La mafia c’è ancora…

Ad esempio, dietro i ROGHI di questi giorni, spesso pilotati da qualche manina mafiosa, dietro la corruzione endemica dell’italia, dietro la malagiustizia ( vedere il caso Bossetti, ad esempio). Un Italia dove il cittadino è sempre più suddito, mentre una classe digerente (non è un refuso, non volevo dire dirigente) sempre più attaccata alle sue prerogative mentre molti anziani sono costretti a cercare cibo nei cassonetti.

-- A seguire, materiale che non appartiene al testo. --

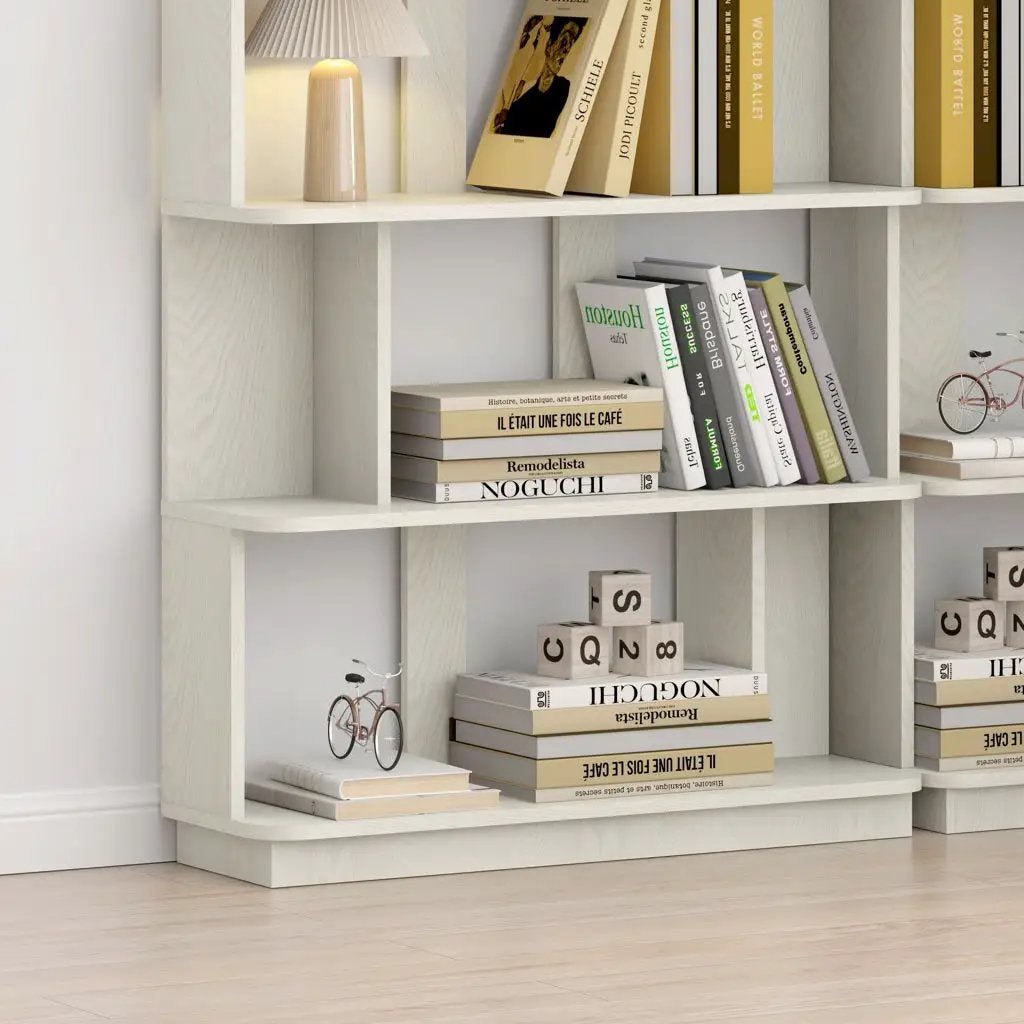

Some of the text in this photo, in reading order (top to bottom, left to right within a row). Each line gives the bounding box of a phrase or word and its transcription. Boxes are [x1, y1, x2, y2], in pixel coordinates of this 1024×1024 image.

La Mafia è dietro il POTERE.

Pensate a REGIORGIO che va in vacanza, rigorosamente con volo di stato (il suo rapporto con i viaggi aerei è stato sempre motivo di critiche, da quando era eurodeputato e godeva di rimborsi esagerati) portandosi dietro uno stuolo di segretarie e di uomini di scorta, pagati dalla signora Maria di Vigevano che campa con 450 euro al mese, mentre il sovrano della malapolitica italiana incassa una serie strepitosa di pensioni d’oro che si sono accumulate nel corso degli anni. Certo, non possiamo dire che Napolitano sia mafioso, ci mancherebbe altro, ma come non ricordare tutta la sua carriera politica, come quando da ministro dell’interno secretò le confessioni di Pasquale Schiavone sui rifiuti tossici della Terra dei Fuochi?

Oggi tutta l’Italia è la TERRA DEI FUOCHI.

E la colpa non è di NESSUNO. Come sempre…

LA MAFIA E’ LA POLITICA CHE NON SERVE PIU’ I CITTADINI MA CHE FA I FATTI SUOI

Come si può commemorare Paolo Borsellino, UCCISO DALLO STATO PER MANO MAFIOSA?

Come si può commemorare Paolo Borsellino, LASCIATO SOLO DAL CSM e da tanti suoi colleghi?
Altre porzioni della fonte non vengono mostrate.